Your task is to reproduce the listing exactly, without its images.

——————

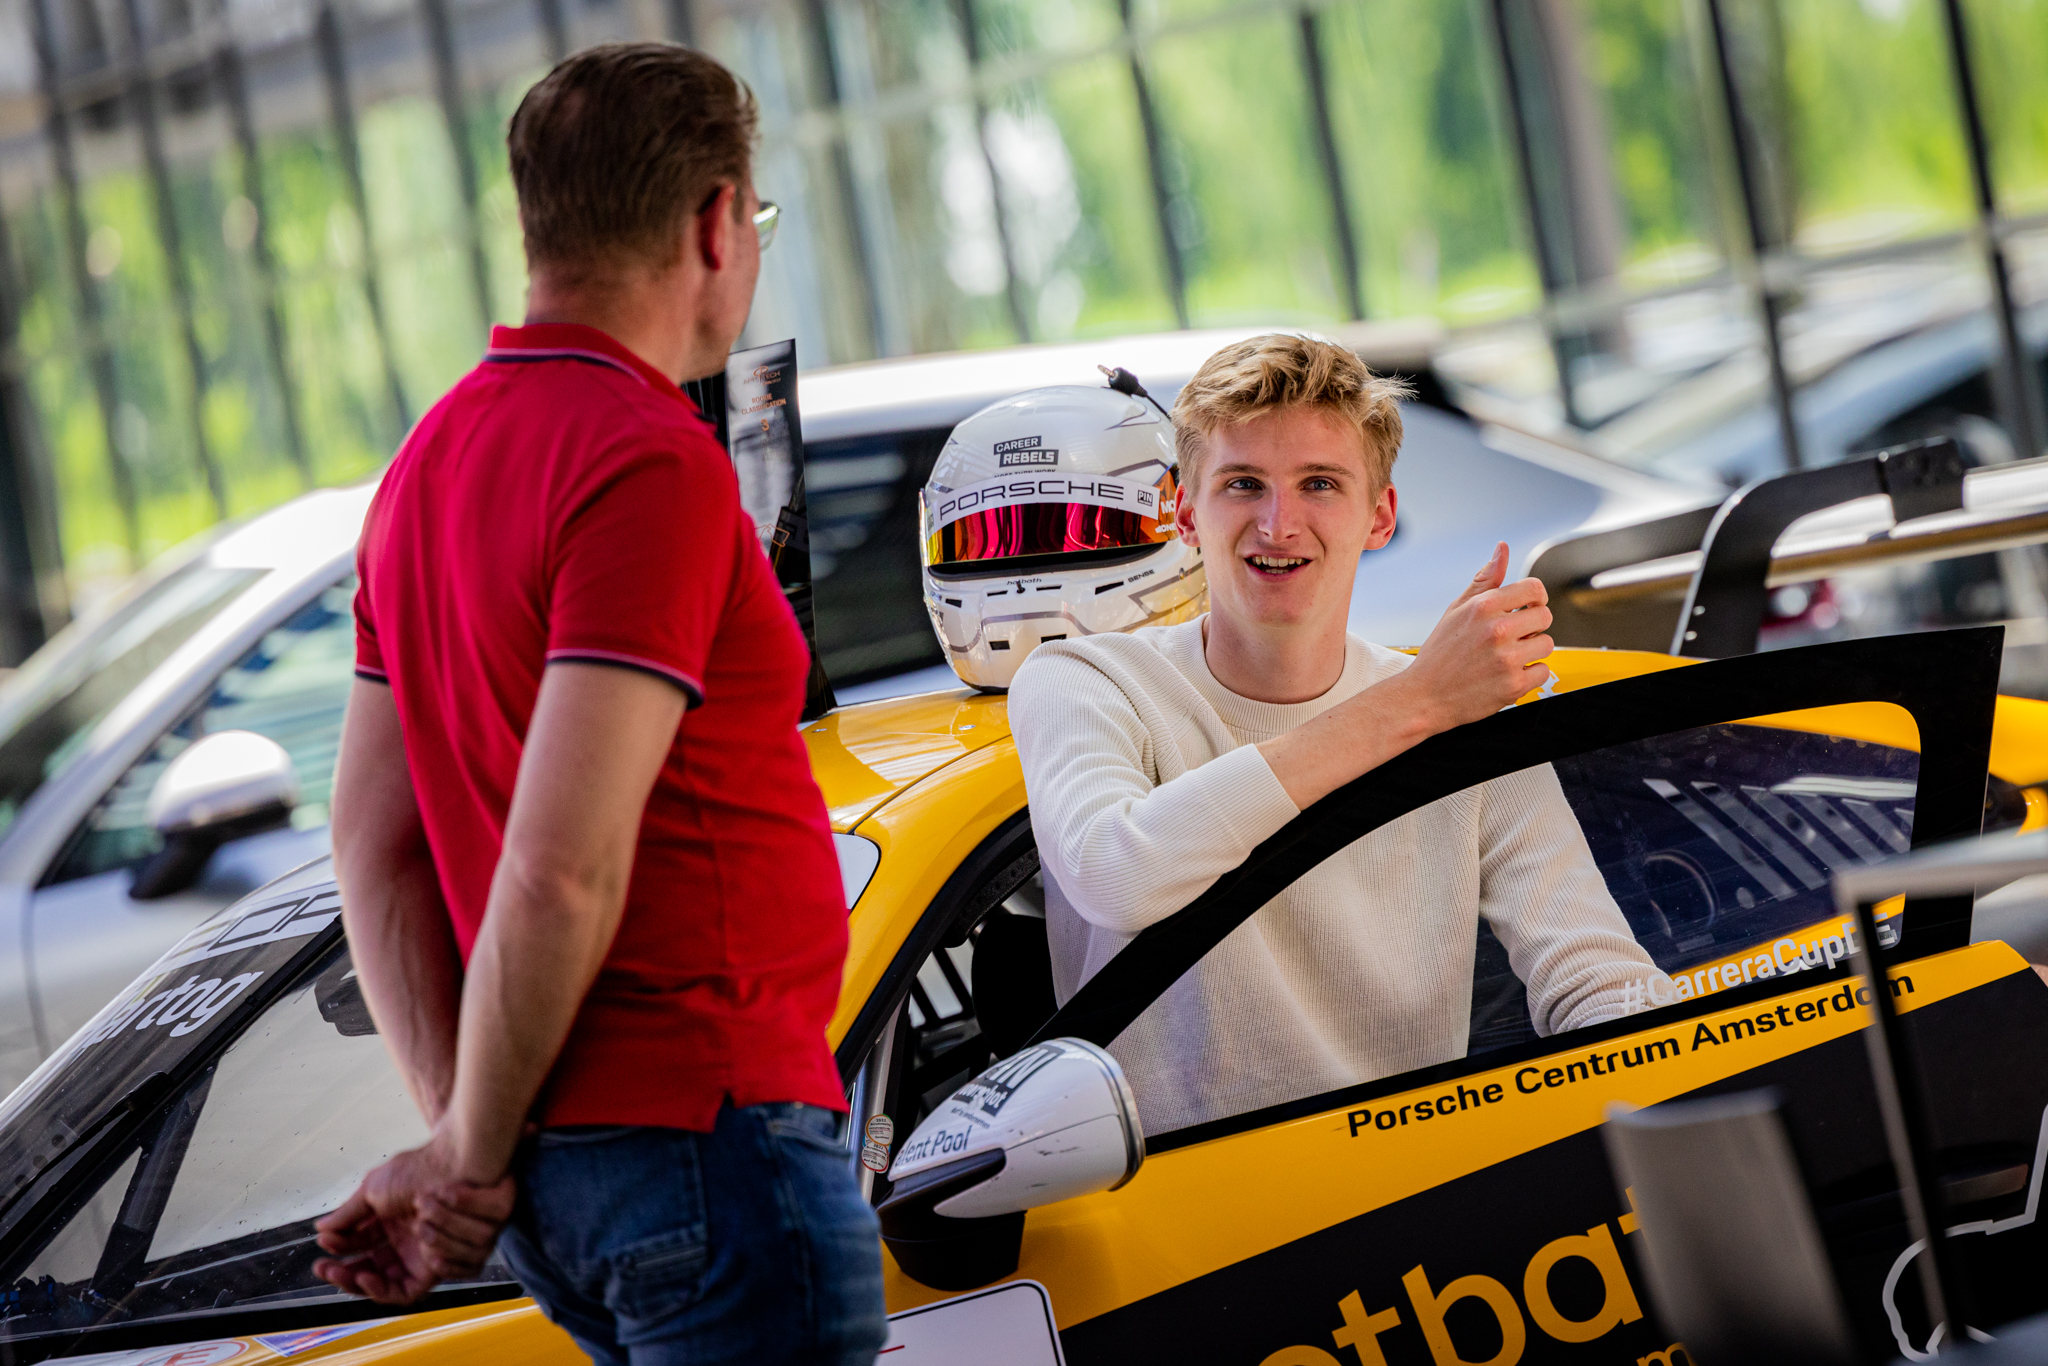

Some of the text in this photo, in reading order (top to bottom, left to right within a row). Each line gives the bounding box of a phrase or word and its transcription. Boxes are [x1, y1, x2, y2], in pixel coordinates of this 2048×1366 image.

[761, 418, 769, 431] 3
[996, 437, 1039, 453] CAREER
[1003, 451, 1055, 465] REBELS
[940, 480, 1124, 521] PORSCHE
[1138, 491, 1153, 503] PIN
[1348, 1083, 1503, 1137] Porsche
[1515, 1037, 1680, 1095] Centrum
[931, 1125, 972, 1156] Pool

——————

RESULT OF THIS EXERCISE
Some of the text in this photo, in reading order (top to bottom, left to right within a row). Each line gives the bounding box of a phrase or word and its transcription. Boxes are [x1, y1, x2, y2], in pixel coordinates of this 2048×1366 image.

[761, 418, 769, 431] 3
[996, 437, 1039, 453] CAREER
[1003, 451, 1055, 465] REBELS
[940, 480, 1124, 521] PORSCHE
[1138, 491, 1153, 503] PIN
[1348, 1083, 1503, 1137] Porsche
[1515, 1037, 1680, 1095] Centrum
[931, 1125, 972, 1156] Pool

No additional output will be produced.